Ford to invest $756 million in China with Zotye for electric cars
Beijing: Ford Motor Co. and partner Anhui Zotye Automobile Co. will invest 5 billion yuan ($756 million) to make and sell small electric cars in China as automakers step up investments in low-emission vehicles in the world’s biggest auto market.
Ford and Zotye plan to build a new manufacturing facility in Zhejiang province and the vehicles will be sold under a new Chinese brand, the US automaker said in an emailed statement Wednesday. The joint venture is equally owned by the two companies and the plans require regulatory approval.
Automakers are accelerating investments into electric vehicles to meet stricter emission and fuel-economy rules set to take effect in major markets. China is implementing a cap-and-trade framework next year that will penalize companies that don’t meet fleet-based limits through fines or buying credits.
While Ford chose to team up with Zotye and Volkswagen AG has partnered with Anhui Jianghuai Automobile Group Corp. to make electric cars, companies like Tesla Inc. may benefit if China relaxes its joint venture rule. The Chinese government is discussing a plan to allow foreign carmakers to set up wholly owned electric vehicle businesses in its free trade zones, according to company officials briefed on the matter.
Ford has said it plans for 70% of all of its vehicles sold in China to have electrified powertrain options by 2025. Besides Zotye, the automaker also has joint ventures in the country with Chongqing Changan Automobile Co. and Jiangling Motors Corp.

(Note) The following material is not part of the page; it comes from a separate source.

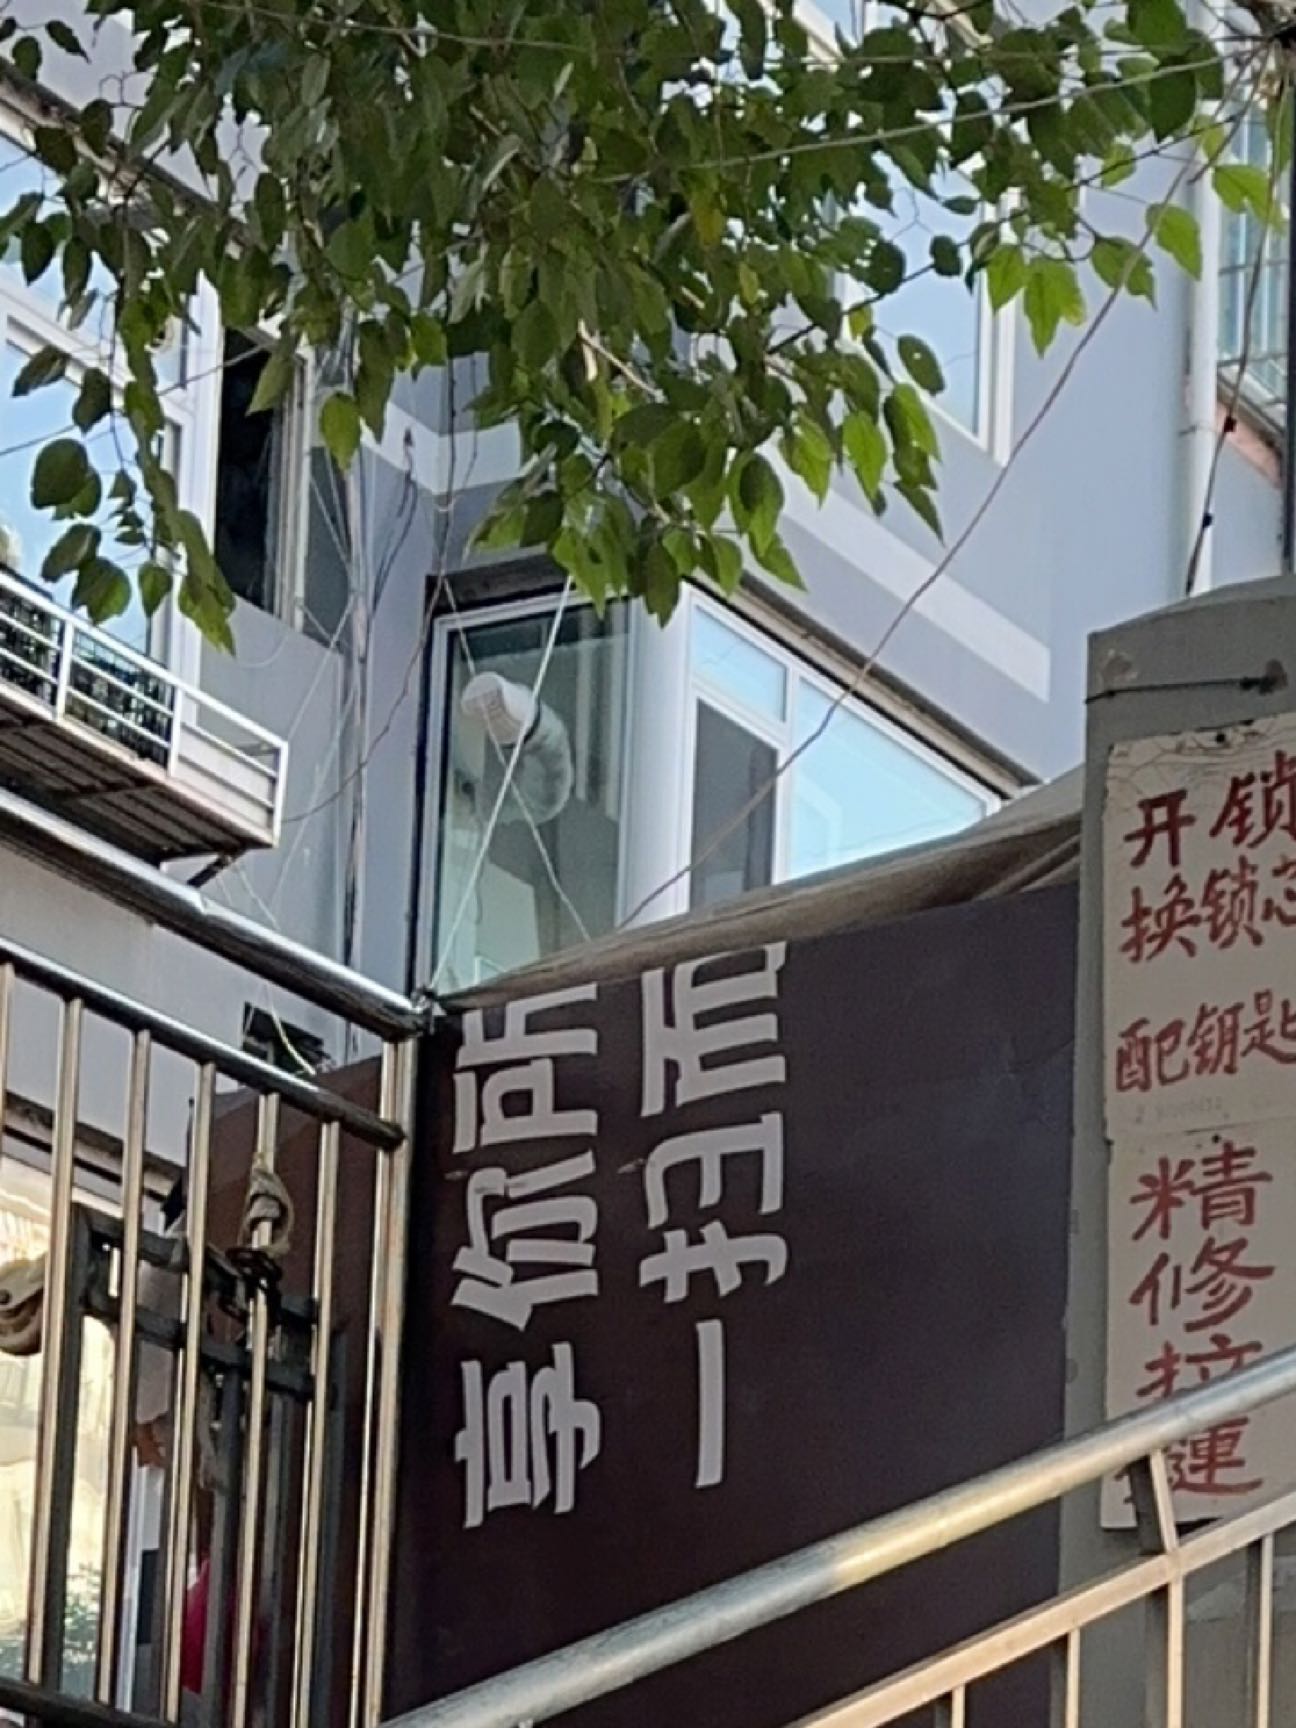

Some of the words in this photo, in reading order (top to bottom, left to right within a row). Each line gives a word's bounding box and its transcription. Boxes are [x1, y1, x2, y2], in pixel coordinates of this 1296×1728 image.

[451, 981, 600, 1529] 享你所
[639, 940, 788, 1489] 一扫而

Ford expects the market for new energy vehicles in China to grow to six million units per year by 2025, of which about four million vehicles will be all electric. Deliveries of such vehicles rose 53% to 507,000 units in 2016, according to the China Association of Automobile Manufacturers.
In May, Volkswagen received approval for a new joint venture to produce electric cars. Daimler AG and BMW AG also have electric car brands under their partnerships with BYD Co. and Brilliance China Automotive Holdings Ltd.
While carmakers including Tesla are racing to grab a slice of the electric vehicle market in China, local manufacturers such as Beijing Automotive Group Co. have had considerable success in the market, in part thanks to generous government subsidies. New entrants are also coming in.
Local startup NIO is raising more than $1 billion in a new round of financing from investors led by Tencent Holdings Ltd to develop affordable and connected battery cars, according to people with direct knowledge of the matter, who asked not to be identified as the information is private.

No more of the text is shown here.